Tuesday, May 15, 2007

From Blog to Book...

Zoe Margolis over at the Guardian Unlimited wonders if publishers aren't looking to blogs for their next best-sellers enough:

Yesterday's announcement of this year's winners of the award for blogs turned into books, the Lulu Blooker prize, would have us believe that many publishers are perusing blogs with the aim of adapting them into books. The website eagerly claims, "Traditional publishing houses, ever in search of the next big name author, have begun to mine blogs and websites for new talent...

According to the Blooker site, books based on blogs are "the world's fastest- growing new kind of book ... a new hybrid literary form". Yet last year, the first year of the award, there were 89 blogs-to-books entered for the Blooker prize. This year it's still only around 100. That doesn't seem to support the idea that every publisher and their dog is jumping on the bandwagon - I think it'll be a while before publishers treat bloggers with the same regard as authors. But perhaps not for that much longer: with a plethora of blogs showcasing good writing to a book-buying public, what publisher doesn't want to utilise a ready-made audience for their book?

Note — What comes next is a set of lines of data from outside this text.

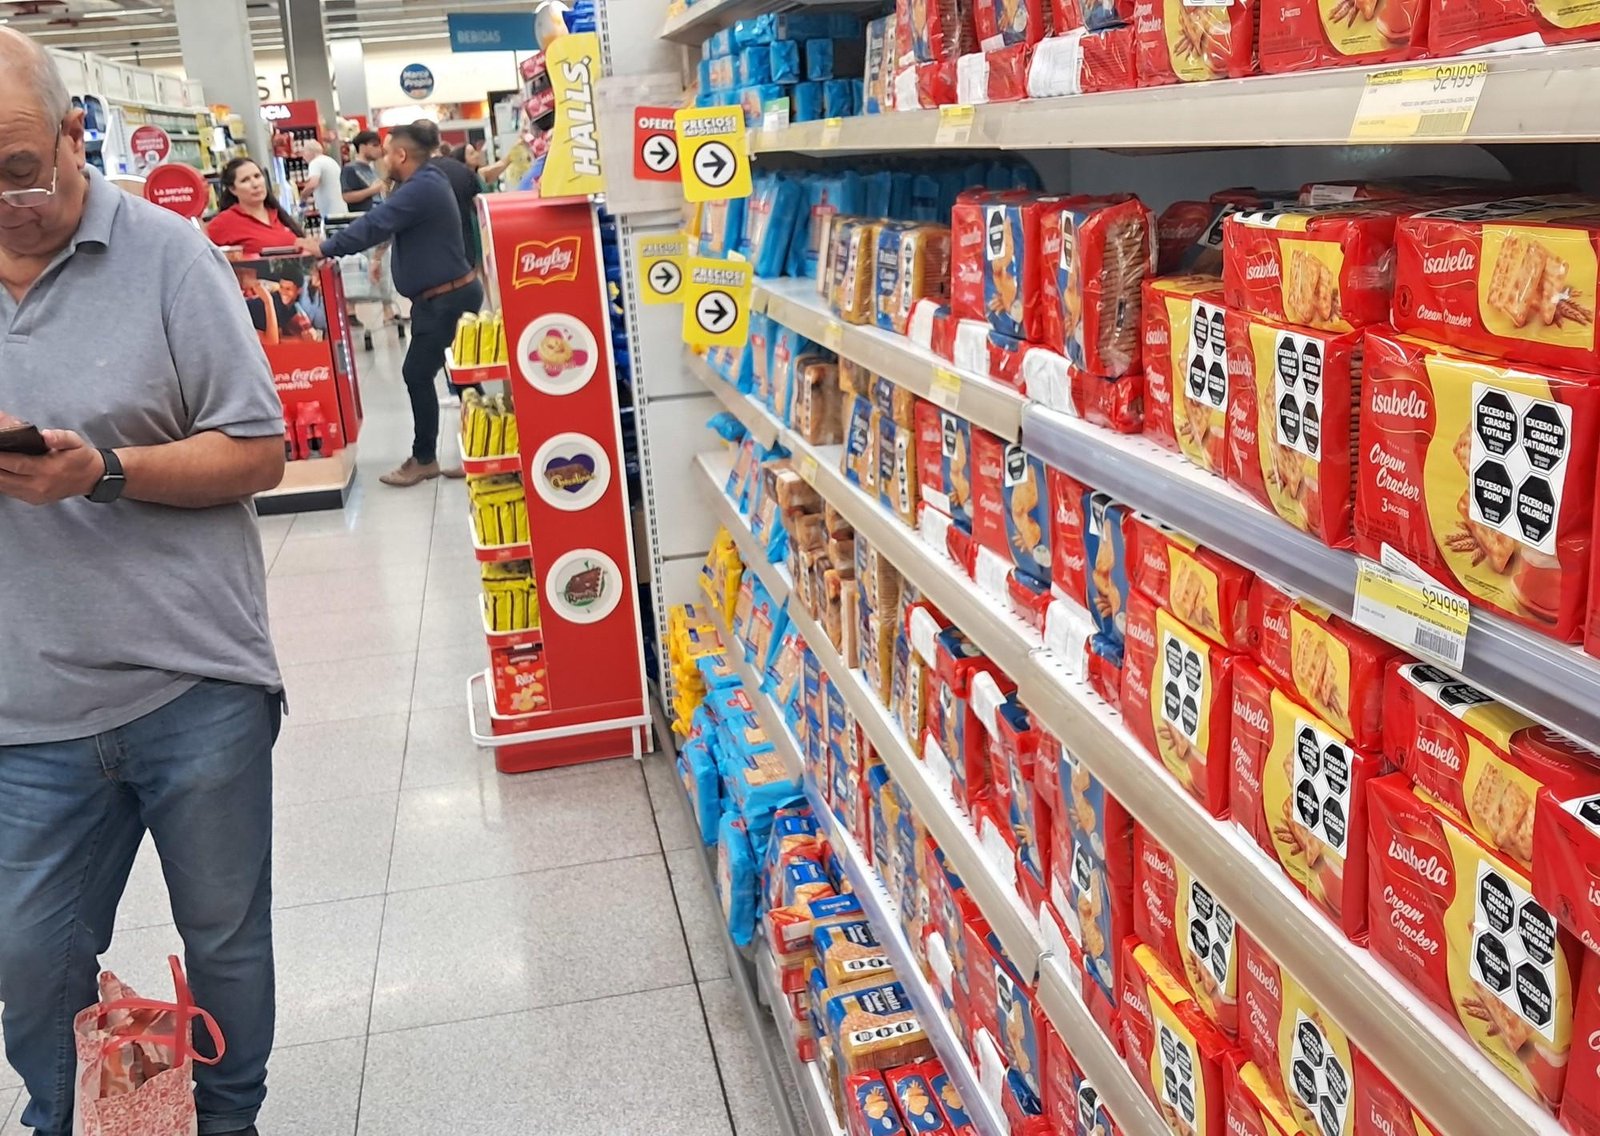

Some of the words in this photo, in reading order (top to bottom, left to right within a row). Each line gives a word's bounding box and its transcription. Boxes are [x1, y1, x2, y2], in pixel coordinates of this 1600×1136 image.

[457, 30, 501, 43] BEBIDAS
[521, 248, 573, 275] Bagley
[1423, 247, 1475, 274] isabela
[1416, 304, 1443, 322] Cream
[1443, 308, 1472, 328] Cracker
[1371, 386, 1428, 419] isabela
[1479, 405, 1504, 419] EXCESO
[1505, 411, 1515, 422] EN
[1481, 426, 1512, 441] TOTALES
[1483, 416, 1511, 431] GRASAS
[1525, 417, 1552, 432] EXCESO
[1553, 425, 1563, 435] EN
[1522, 438, 1563, 458] SATURADAS
[1530, 430, 1558, 445] GRASAS
[1369, 442, 1406, 474] Cream
[1376, 467, 1419, 502] Cracker
[1476, 478, 1502, 493] EXCESO
[1502, 486, 1511, 497] EN
[1381, 498, 1388, 512] 3
[1483, 490, 1504, 504] SODIO
[1519, 494, 1543, 510] EXCESO
[1543, 503, 1553, 514] EN
[1520, 504, 1550, 524] CALORÍAS
[1233, 694, 1269, 733] isabela
[1416, 731, 1460, 771] isabela
[1388, 834, 1449, 887] isabela
[1383, 885, 1425, 925] Cream
[1483, 880, 1505, 900] EXCESO
[1505, 896, 1513, 908] EN
[1487, 893, 1509, 914] GRASAS
[1485, 900, 1510, 925] TOTALES
[1521, 909, 1546, 930] EXCESO
[1546, 926, 1555, 939] EN
[1390, 910, 1439, 955] Cracker
[1525, 921, 1550, 944] GRASAS
[1480, 943, 1501, 965] EXCESO
[1500, 960, 1510, 972] EN
[1485, 956, 1503, 975] SODIO
[1246, 953, 1279, 1001] isabela
[1518, 974, 1541, 996] EXCESO
[1540, 992, 1551, 1005] EN
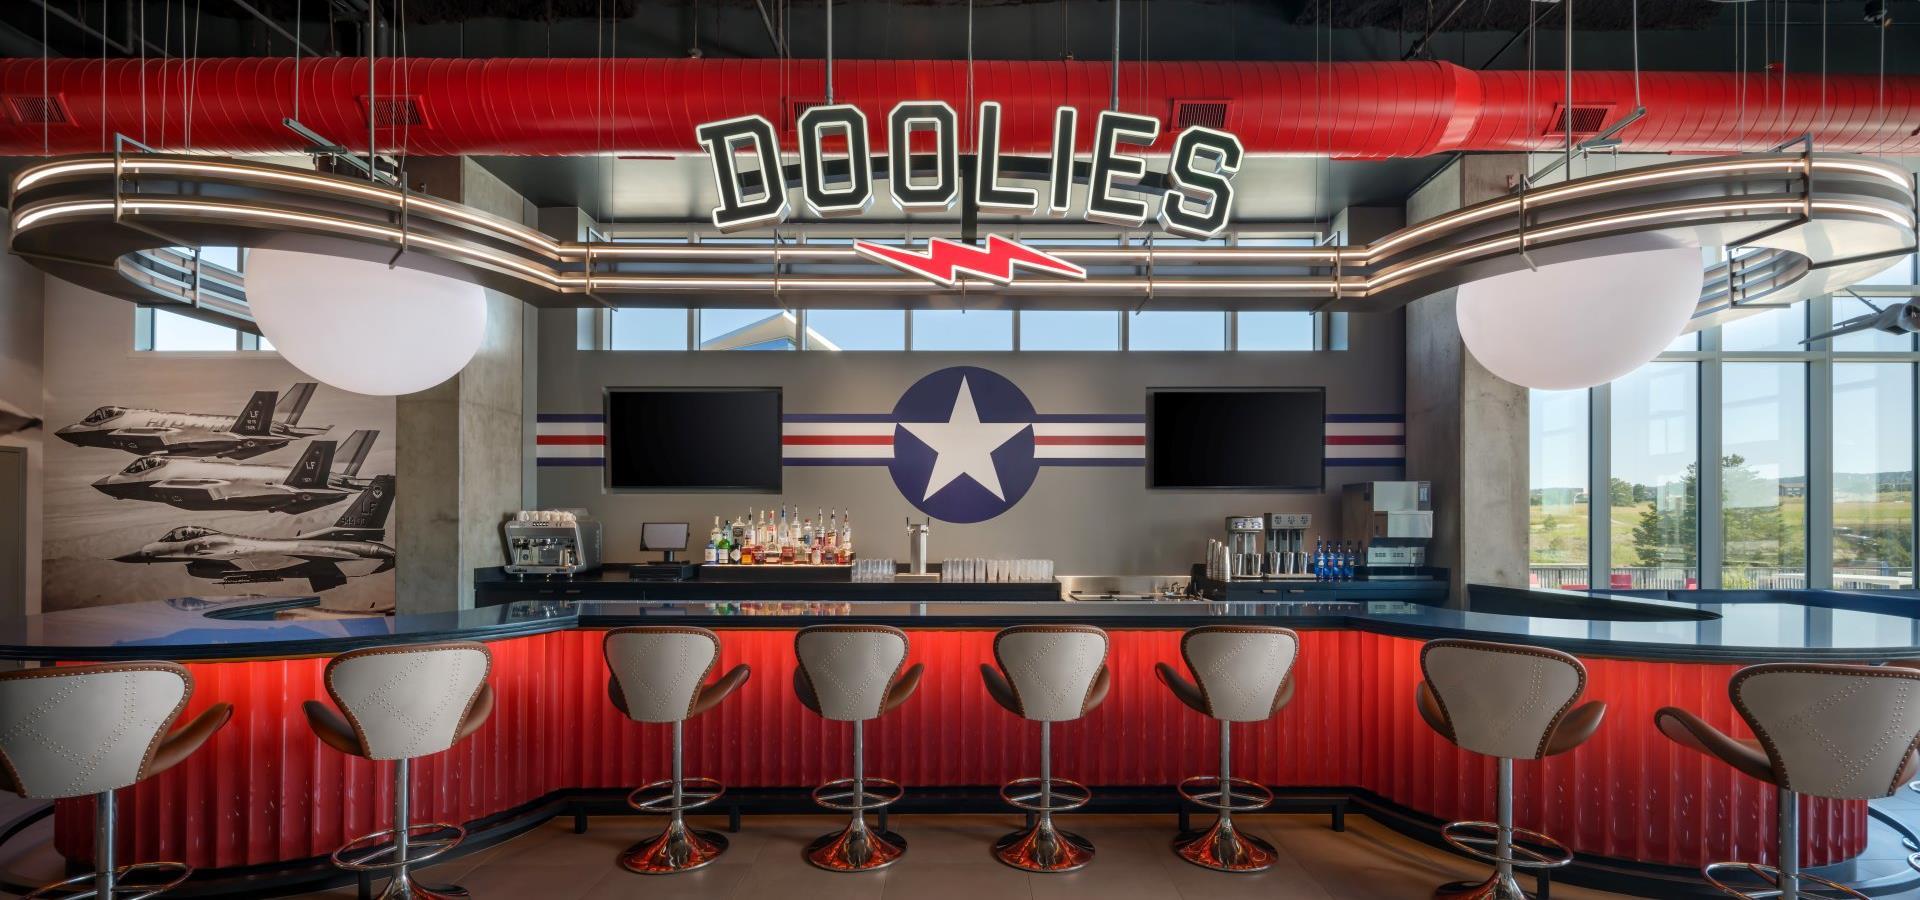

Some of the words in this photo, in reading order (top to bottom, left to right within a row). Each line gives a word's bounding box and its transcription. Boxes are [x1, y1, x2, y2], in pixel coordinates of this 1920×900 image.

[696, 101, 1244, 240] DOOLIES
[249, 410, 259, 418] LF
[305, 461, 315, 470] LF
[361, 502, 377, 516] LF
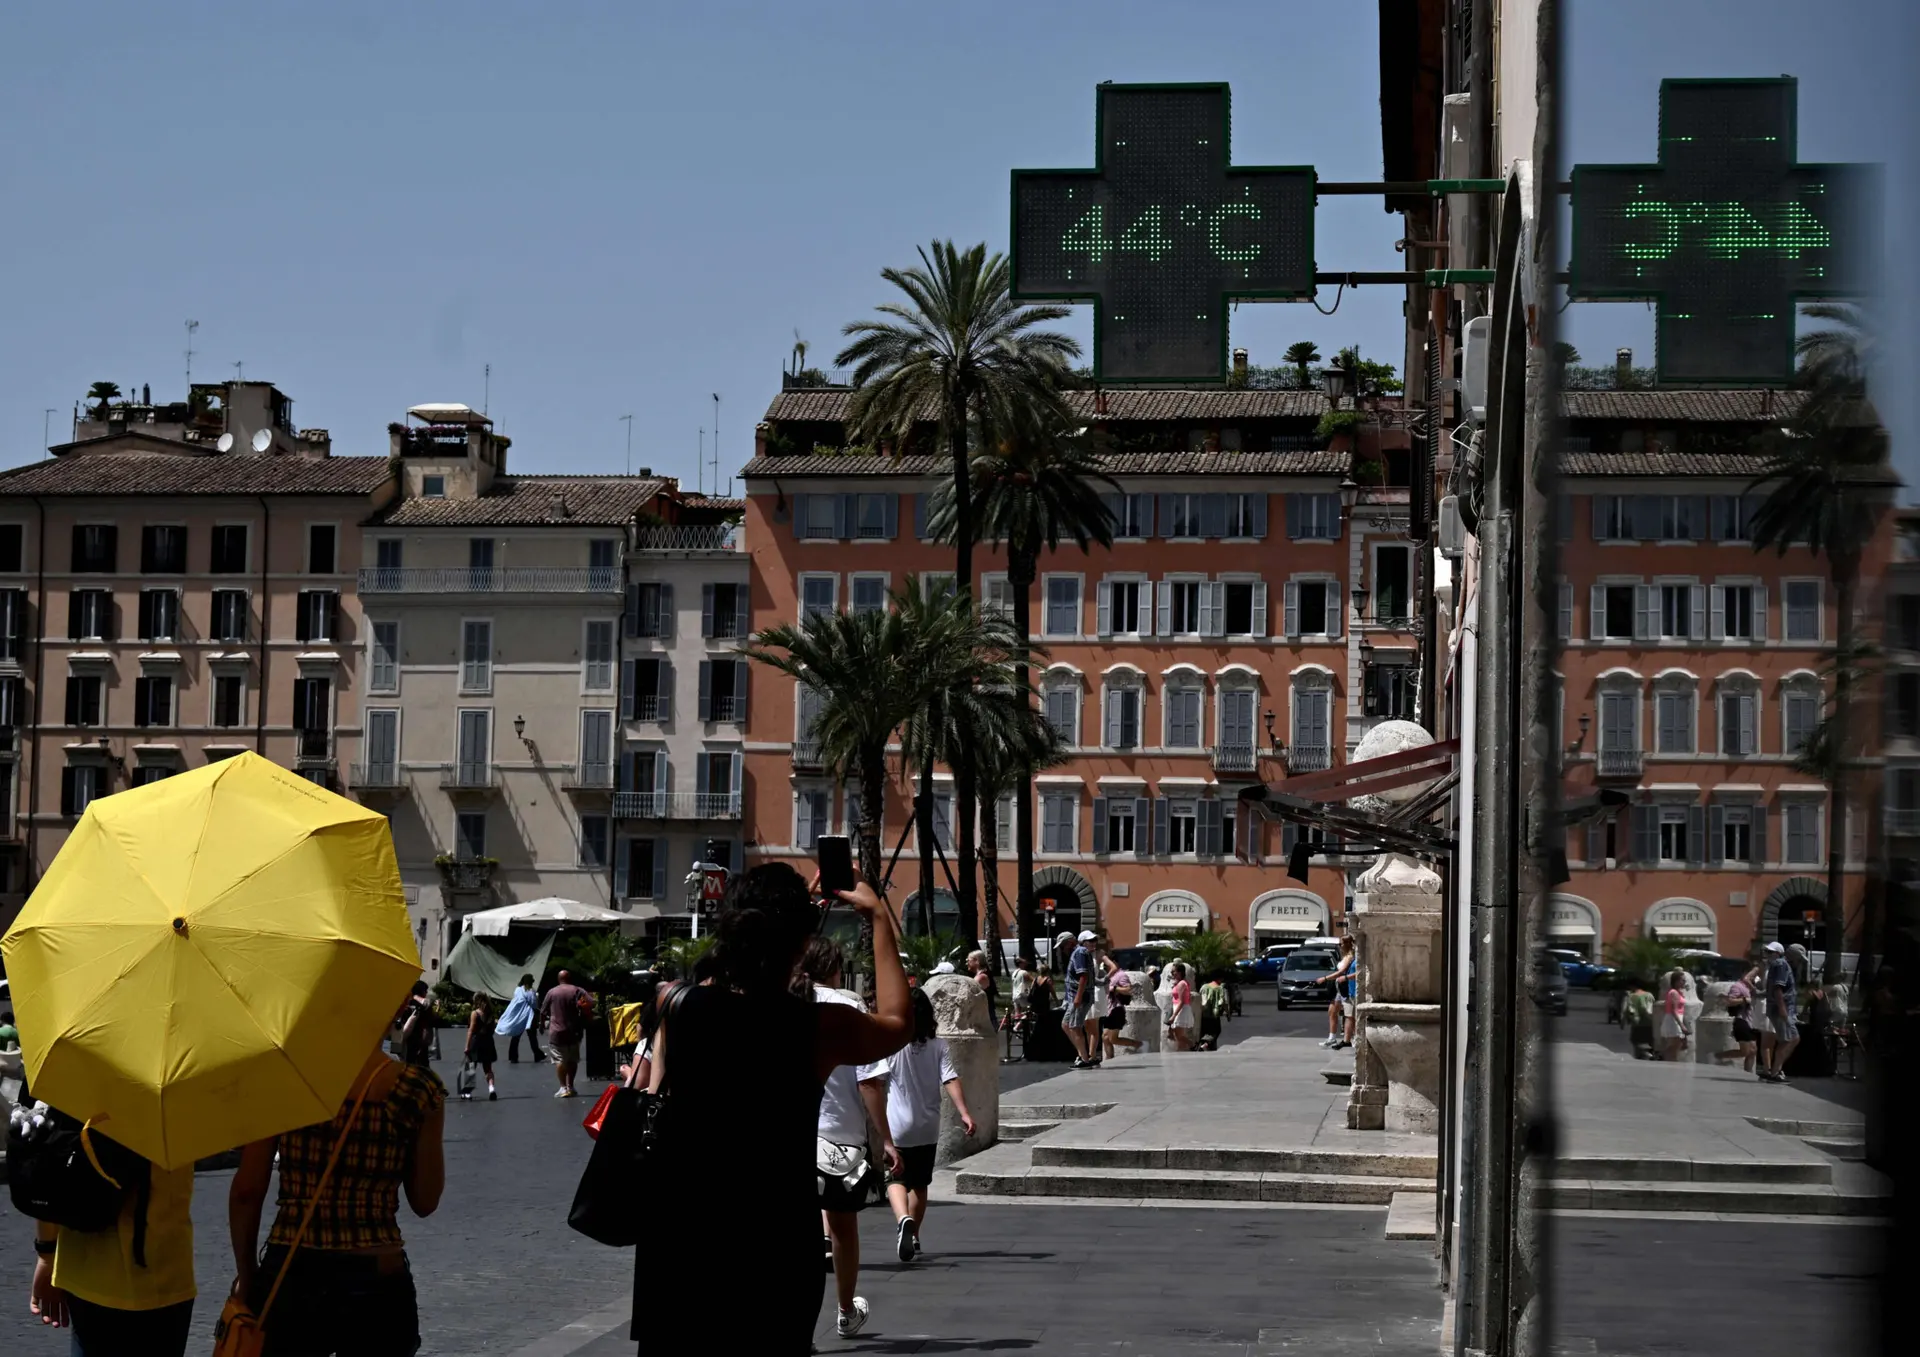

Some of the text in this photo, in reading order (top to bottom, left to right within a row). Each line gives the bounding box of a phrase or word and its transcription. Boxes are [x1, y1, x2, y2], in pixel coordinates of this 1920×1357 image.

[1061, 204, 1261, 262] 44°C
[702, 876, 724, 894] M
[1156, 903, 1195, 913] FRETTE
[1270, 905, 1310, 915] FRETTE

Ms. Margolis, having had her own blog published into a book, certainly seems to support authors making the leap from blog to book. And she certainly makes a good point when she argues against the "inverted snobbery" of publishers who believe that anything written on a blog must inherently be of bad quality. However, the case that Margolis makes for blogs...
Unlike a book, a blog allows instant feedback. Readers can send in comments immediately upon reading a blog post. This can then initiate a dialogue between writer and reader that is both interactive and productive. Blogging is not writing in a private vacuum, rather it's about putting your thoughts into a public space and finding out what people think of them instantly. This can assist the writer in terms of developing their ideas: it forces you to write succinctly and with focus. While I'm not suggesting it is solely readers' input that makes blogs worthy of being published, I do think the interactivity and open access of blogging is what can make it so enjoyable for both writer and reader.

...could be construed as argument as for why blogs shouldn't be translated into books at all. I'm unsure how I feel about publishers surfing the blogosphere searching for the next Pulitzer Prize-winning novelist. On the one hand, certainly some bloggers are writing the kind of posts which would translate well into a memoir of sorts or a collection of essays. But, on the other hand, I think of blogs as an ongoing conversation and, for this reader at least, turning a blog into a books seems a lot like publishing one side of a telephone conversation.

1 comment:

Sam said...

I can't imagine how most blogs would appeal to readers in book form. I think that the blogging style would become a bit tedious in book length and that most readers would grow bored with it. I know that I sure don't write anything on my blog that would be worthy of that kind of treatment...a blog to me is simply a fun way to interact with kindred spirits in "real time."

And on that note, I'm tagging you for the 8 Things meme. The details are on my blog, no obligation if you don't feel like it!